After the memo, all rules issued by the department will continue to go through departmental and White House clearance and will continue to be approved by the Secretary. All rules will now be signed by the Secretary and by the head of the agency involved.
Does this memo add any delays to agencies’ ability to take actions during COVID-19?
No. All actions affected by this memo already go through a clearance process with the entire department and the White House Office of Management and Budget, an in-depth process where the action is thoroughly vetted.
The Secretary’s signing of a rule does not add a further layer of policy review on top of the current review process, because the current process ensures that rulemakings reflect the policy of the department and the administration.
Does this memo apply to vaccine or drug approvals or emergency use authorizations?
No, the memo only applies to rules, which follow different procedures and legal requirements than product approvals and authorizations, which are adjudications.
Does this memo apply to guidance?
No, this memo affects only rules, not guidances. Guidances from HHS follow a separate set of procedures.
Is this an attempt to exert greater political power over HHS agencies’ decision making and procedures?
No, this action has no effect on HHS agencies’ decision making and procedures in any way, which will be overseen by the same department processes. The action aims to ensure that rulemaking by HHS and its divisions—which cover vital public health matters—is consistent with congressional intent, minimizes litigation risk, and ensures public accountability.
Former heads of agencies with delegated rulemaking authority, such as the Food and Drug Administration, have recognized that questions around delegations of rulemaking power can create litigation risk. For instance, in 2019, Commissioner Scott Gottlieb signed and retroactively ratified the 2016 deeming rule around tobacco products, which had originally been signed by a more junior official. In fact, the former Commissioner’s action in that instance further highlighted the need for this particular comprehensive review to ensure that there was no procedural infirmity in HHS agency rules.
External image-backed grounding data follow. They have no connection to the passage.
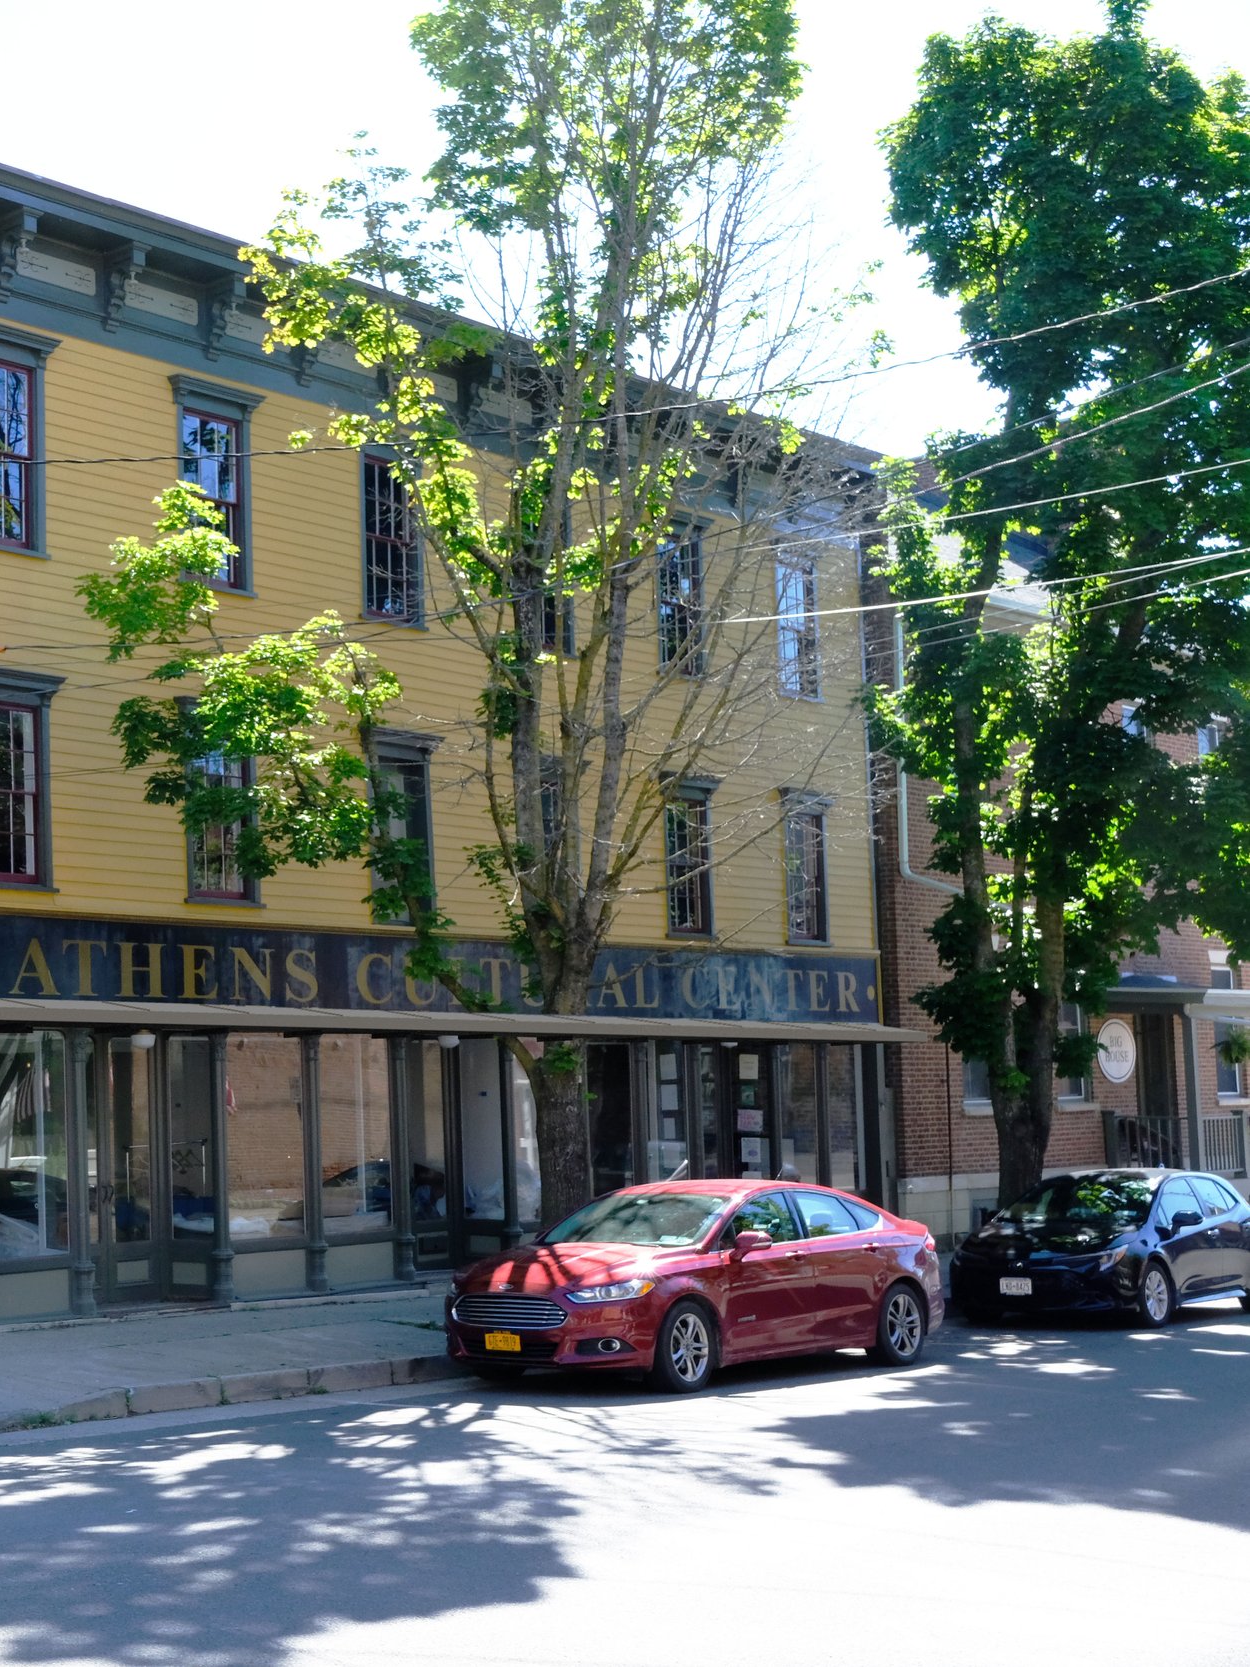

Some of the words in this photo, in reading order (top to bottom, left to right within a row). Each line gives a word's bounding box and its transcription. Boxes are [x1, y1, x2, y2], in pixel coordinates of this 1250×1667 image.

[9, 937, 319, 1002] ATHENS
[681, 963, 861, 1013] CENTER
[1109, 1035, 1123, 1048] BIG
[1105, 1050, 1130, 1063] HOUSE
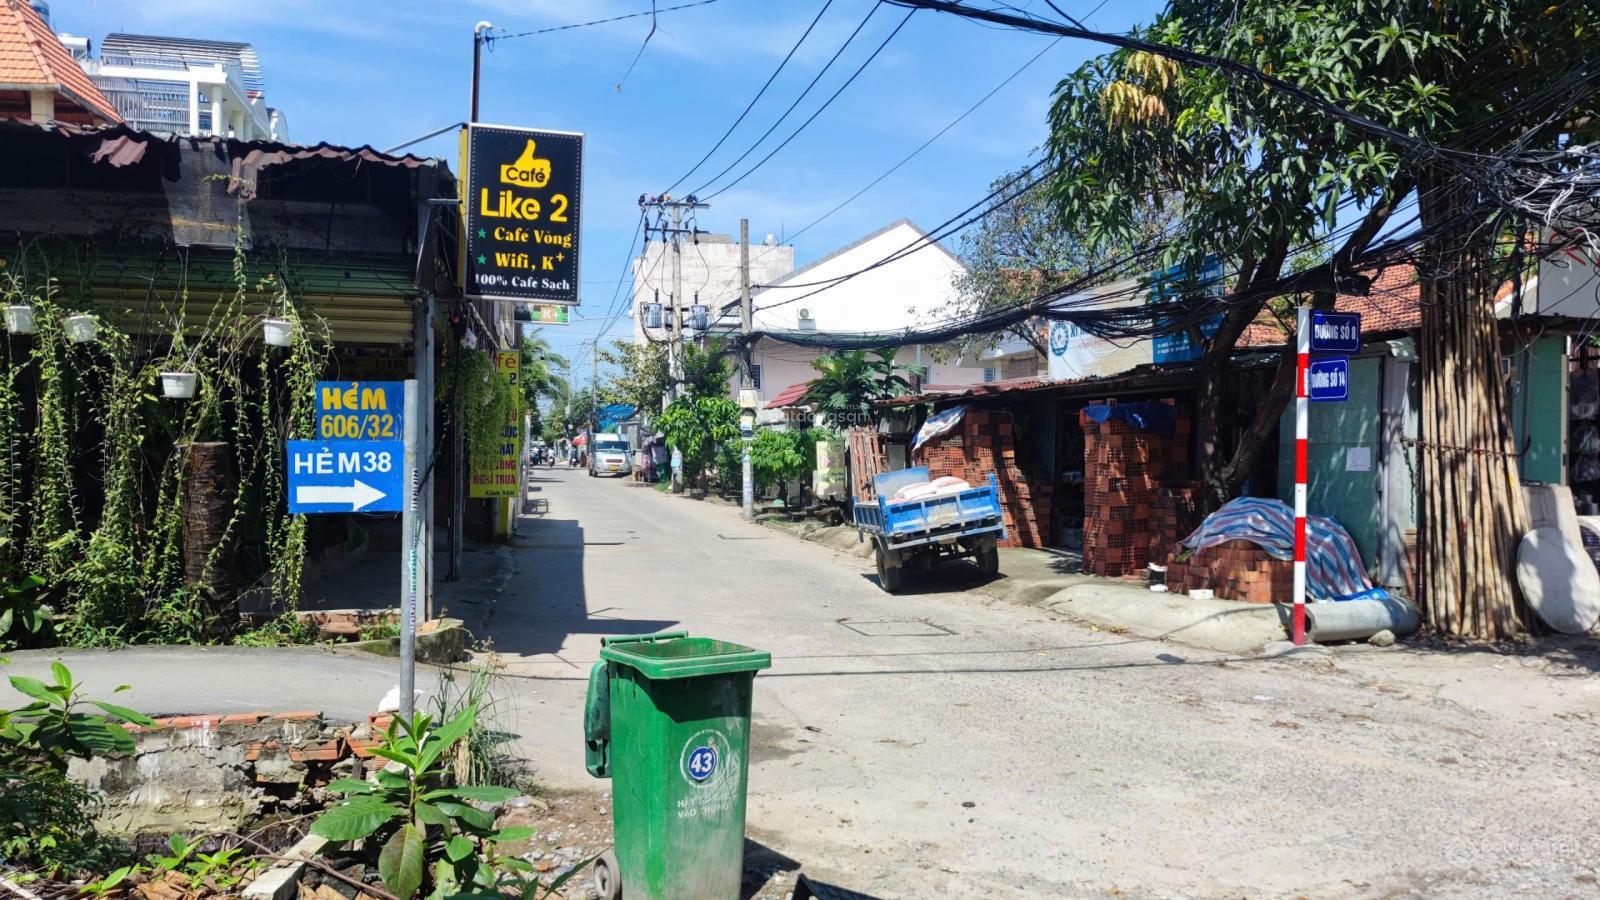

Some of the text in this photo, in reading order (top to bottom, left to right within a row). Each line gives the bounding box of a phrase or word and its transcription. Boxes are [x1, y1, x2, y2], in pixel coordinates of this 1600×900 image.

[505, 165, 546, 183] Café
[480, 187, 569, 223] Like 2
[474, 272, 508, 287] 100%
[541, 277, 570, 291] Sạch
[1314, 320, 1357, 341] ĐƯỜNG SỐ 8
[509, 372, 517, 385] 2
[1329, 367, 1338, 388] SỐ
[1338, 371, 1346, 387] 14
[321, 381, 387, 411] HẺM
[320, 413, 395, 440] 606/32
[690, 752, 713, 774] 43
Does this send the wrong message at a time when Americans should have confidence that decisions are being made based on science and evidence?
Since the action has no effect on the substantive rulemaking process, the only reason it would undermine public confidence in rulemaking is if commentators misrepresent it to the public, as some unfortunately have.
Americans, especially during a public health emergency, deserve to have confidence in the procedures used to make legally binding rules, including confidence that these rules follow proper procedures and minimize litigation risk. That is the goal of this action.
Was the memo targeted at the Food and Drug Administration or any particular divisions of HHS?
No, the memo covers all Operating and Staff Divisions of HHS. Large agencies that release a significant amount of rules, such as the Food and Drug Administration, already have robust processes for sending any rules through departmental and White House clearance. Those processes will remain unchanged, except that they will now conclude with the Secretary’s signing the rule in all cases.
Does this have any impact on actions taken under previous delegations?
No, this memo has no impact on actions taken under previous delegations. It is prospective in effect.